(Paris) The organizers of the 2028 Summer Olympics in Los Angeles have enlivened a previously rather somber closing ceremony of the Paris Games by entrusting the Olympic flag to a movie superstar, Tom Cruise, who abseiled down from the roof of the Stade de France.
The star of Mission: Impossible and of Top Gun then escaped on a motorbike, before a video was released of him carrying the flag to the giant letters “Hollywood” in Los Angeles, the next host city of the Summer Games. All to a song by the Red Hot Chili Peppers, purveyors of Californian rock for four decades, to mark the passage of the night from Paris to the sun of the Pacific beaches.
The group then appeared on video for a mini-concert filmed from California, before giving way to another local megastar, the singer Billie Eilish, then Snoop Dogg, special correspondent for NBC television and who became a viral icon on the networks outside of Paris, and finally the rap legend Dr Dr.
Los Angeles was expected to line up stars of this caliber, as the opening ceremony of the Paris Games, relocated to the Seine, had set the bar at a stratospheric height, with performances by Lady Gaga, Aya Nakamura and the final comeback of Céline Dion on the Eiffel Tower.
The artistic list on Sunday, for the closing at the Stade de France, was more modest, even if the flagship electro-rock group Phoenix, very popular in the United States, provided the musical part with its guests.
Stadium security had to contain the enthusiasm of some athletes who wanted to stay on stage during the concert. “There was a real moment of panic from the organization [mais] “We were in our element,” two of its members, Thomas Mars and Laurent Brancowitz, told AFP after the show.
Alongside them, the Belgian Angèle came to perform Nightcall by Kavinsky (from the film Drive), and Air, the long-time companions of the French Touch, offered a version of their hit Playground Love (from the movie The Virgin Suicides).

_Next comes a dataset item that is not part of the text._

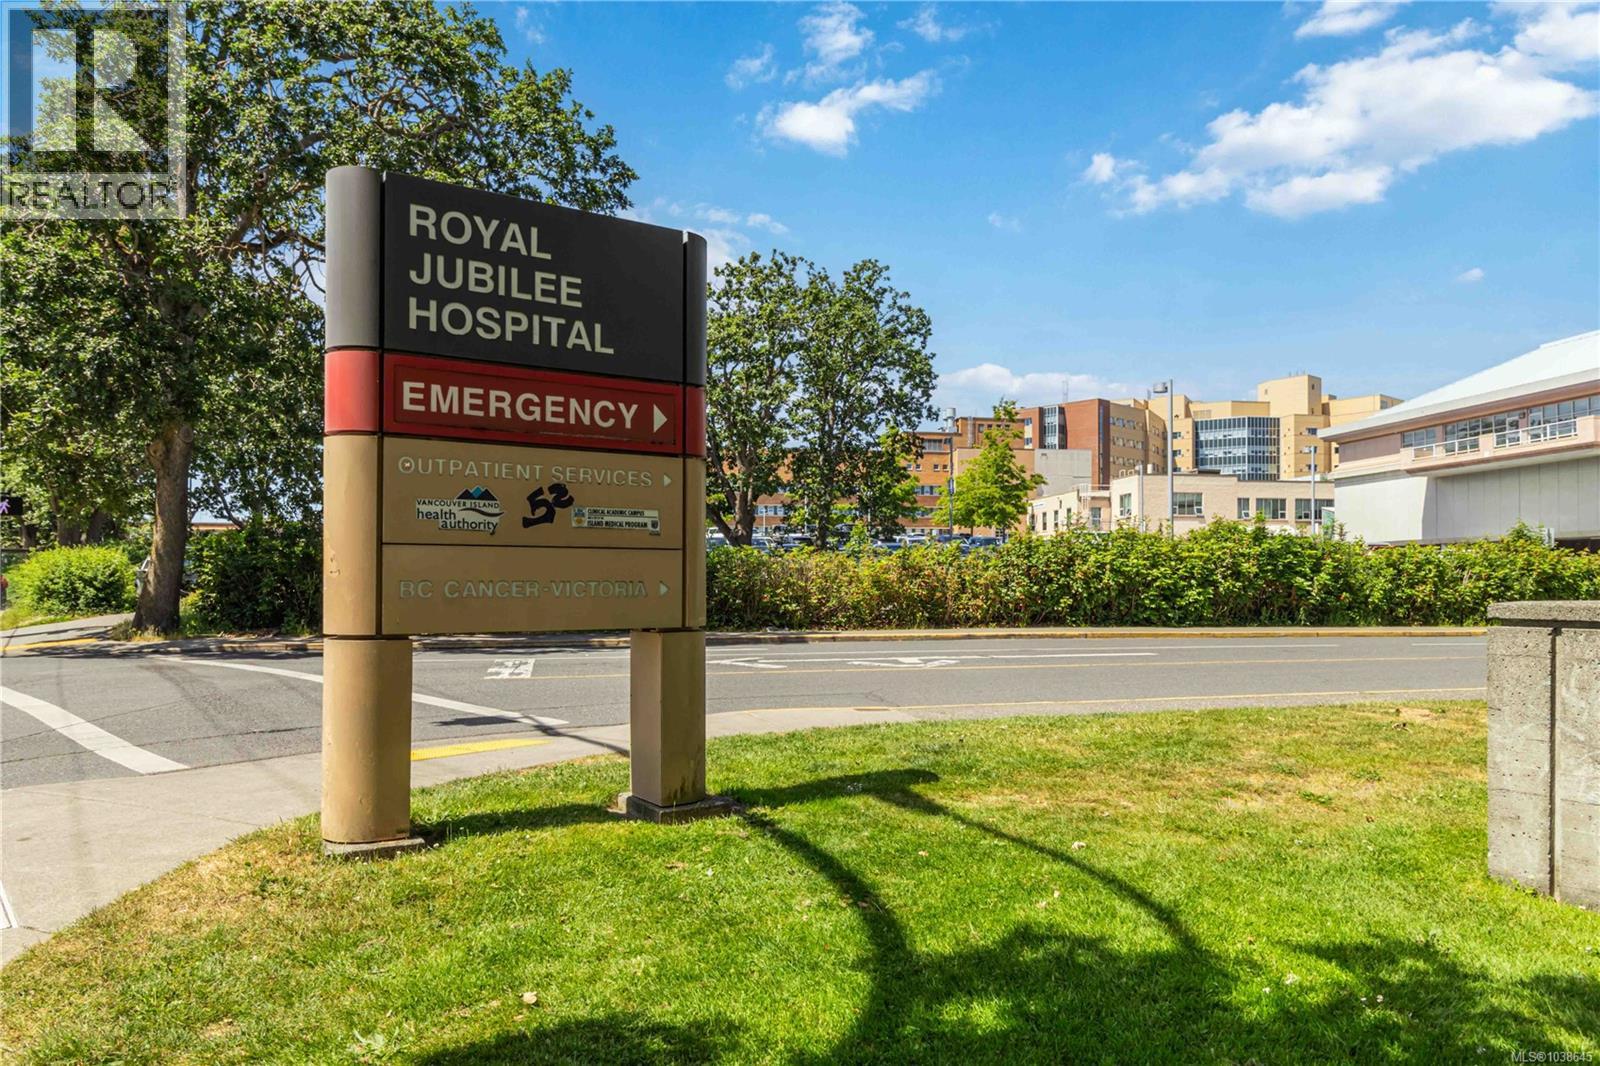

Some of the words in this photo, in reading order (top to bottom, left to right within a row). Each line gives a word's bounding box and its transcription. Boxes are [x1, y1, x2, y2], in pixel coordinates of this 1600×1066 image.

As a link between France and the United States, Yseult concluded the show in style with a performance of My Waya Frank Sinatra classic adapted from a Claude François hit, As per usualwhile another strong voice, that of the American HER, had earlier intoned the American anthem.
Interstellar traveler
Far from the ultra-pop and queer spirit of the opening, relocated along the Seine, the closing show focused on the aerial journey of a golden traveler (Golden Voyageur), straight out of science fiction, arriving by air in a Stade de France plunged into darkness.
Under the golden costume, French breakdancer Arthur Cadre, playing an interstellar traveler who discovers the remains of the Olympic Games, in a distant future where they will have disappeared and will undertake to rebuild them.

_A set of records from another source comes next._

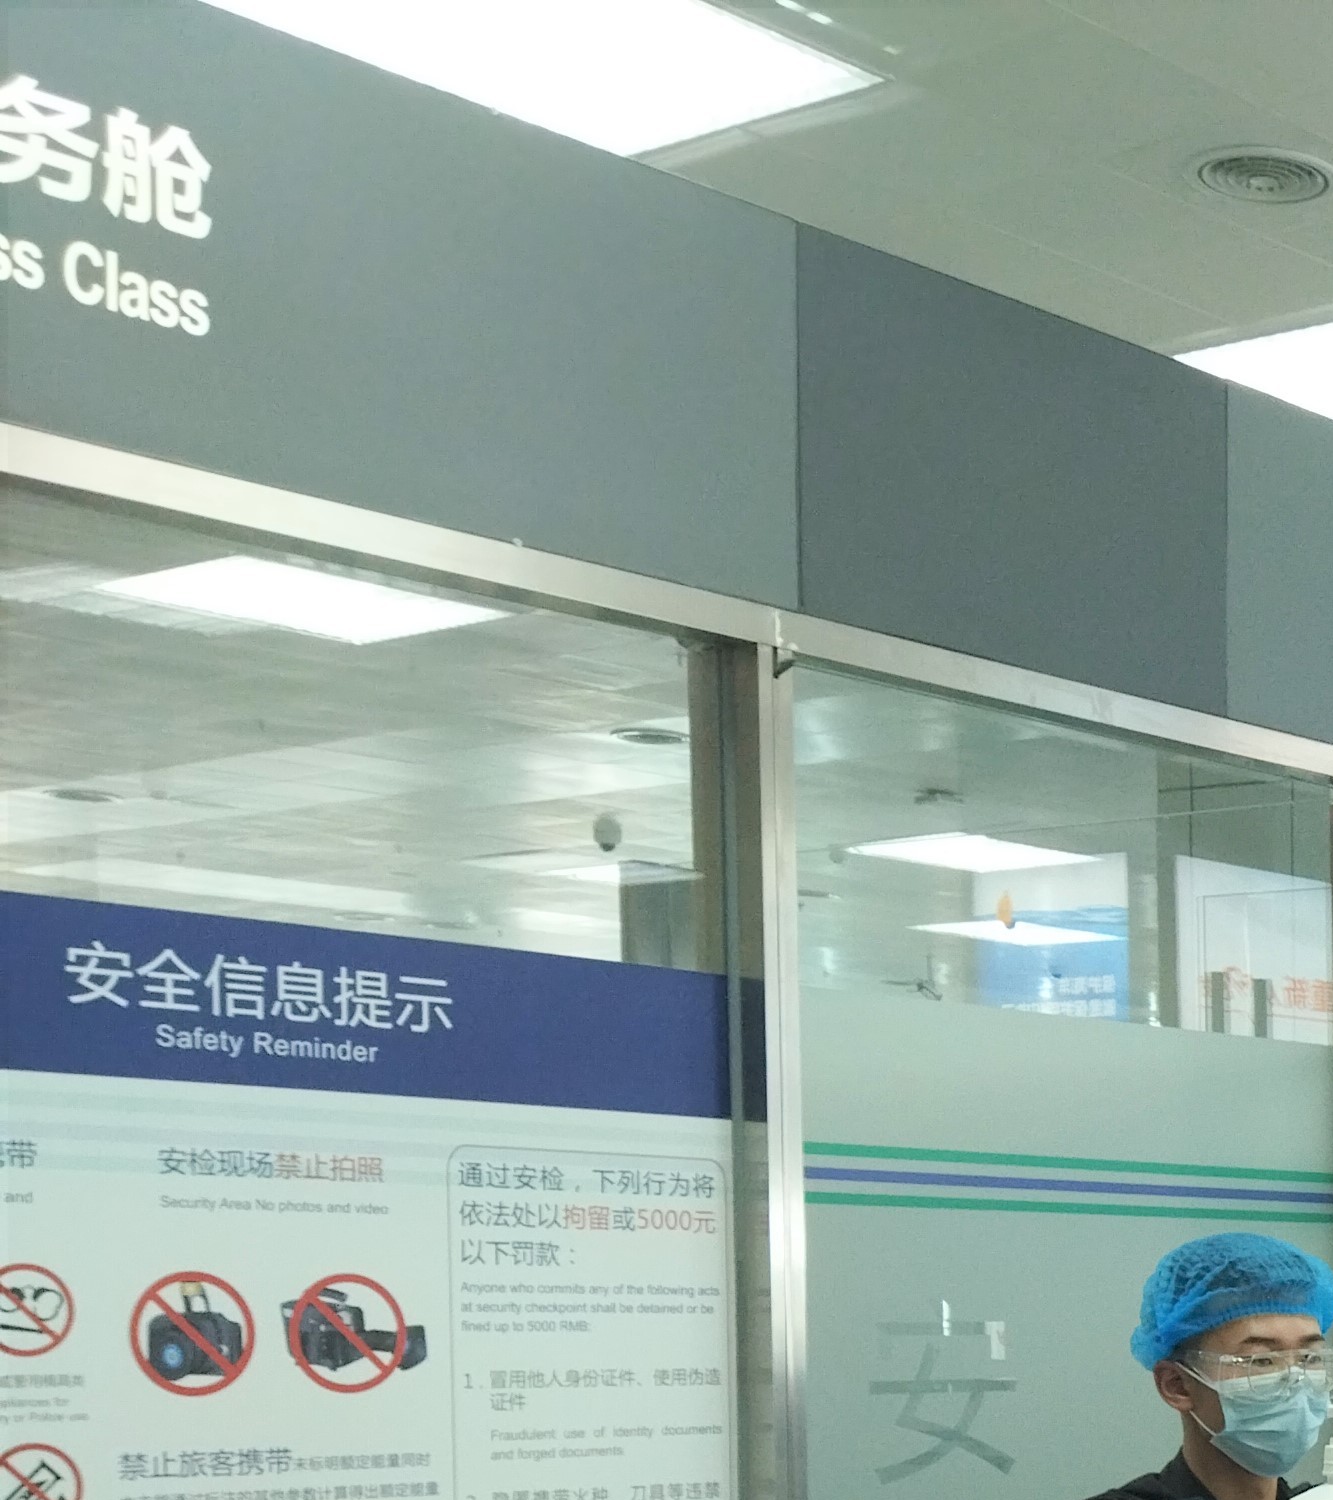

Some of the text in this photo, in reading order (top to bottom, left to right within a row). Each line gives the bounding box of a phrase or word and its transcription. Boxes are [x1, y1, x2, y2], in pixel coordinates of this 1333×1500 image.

[63, 240, 211, 336] Class
[64, 941, 453, 1033] 安全信息提示
[155, 1023, 379, 1063] Safety Reminder
[157, 1147, 384, 1183] 安检现场禁止拍照
[458, 1161, 715, 1199] 通过安检，下列行为将
[6, 1191, 33, 1204] and
[160, 1195, 389, 1215] Security Area No photos and video
[459, 1201, 716, 1234] 依法处以拘留或5000元
[461, 1239, 576, 1266] 以下罚款：
[461, 1282, 720, 1298] Anyone who commits any of the following acts
[461, 1302, 714, 1316] at security checkpoint shall be detained or be
[461, 1322, 490, 1333] fined
[494, 1324, 509, 1335] up
[512, 1322, 524, 1333] to
[527, 1321, 556, 1333] 5000
[490, 1424, 723, 1441] Fraudulent use of identity documents
[490, 1449, 514, 1461] and
[517, 1448, 556, 1462] forged

The idea of this show, designed by the same artistic team led by Thomas Jolly as the opening, was to celebrate the ancient heritage of the Games, the values of sport, and to evoke the future. The show was served by giant sets, representing the continents, and sophisticated lighting effects.
On a 2400 m stage2 : more than a hundred performers, acrobats, dancers and circus artists for a sometimes lugubrious show, mixing dance, contortion, gesture theatre and the influence of street arts. In the most monumental tableau, giant Olympic rings rose into the sky.
Nothing that could a priori cause controversy, two weeks after an unprecedented opening, which celebrated diversity in all its forms. It was widely welcomed but also irritated conservative leaders and standard-bearers of the extreme right.
French Touch
On Sunday, it was a timeless classic that launched the closing festivities, Under the Parisian skysung at the Tuileries for the extinction of the cauldron by one of the most prominent French singers of the moment, Zaho de Sagazan.
A retro and classy moment: with this hymn to the capital and its eternal charms, the 24-year-old artist followed in the footsteps of the greatest voices of song, including Édith Piaf, Yves Montand and Mireille Mathieu. Enough to accompany the extinction of the Olympic cauldron and the departure of the flame, in the hands of quadruple gold medalist swimmer Léon Marchand, for the Stade de France.
This is where the protocol times took place, Marseillaise (performed by the choir of Fontainebleau accompanied by the Divertimento orchestra, an institution of Seine-Saint-Denis), and a parade of athletes all smiles, which the organizers wanted to transform into a giant karaoke, from Aznavour to Queen via Gala.
On the star side, the opening ceremony set the bar very high with Lady Gaga, Aya Nakamura and the final comeback of Céline Dion on the Eiffel Tower.
For the closing, Phoenix, a group from electro-rock very popular in the United States, provided the soundtrack, with its greatest hits, and guests, including the Belgian Angèle, to perform Nightcalla film title by Kavinsky, and Air, the lifelong companions of the French Touch, and their melancholic Playground Love.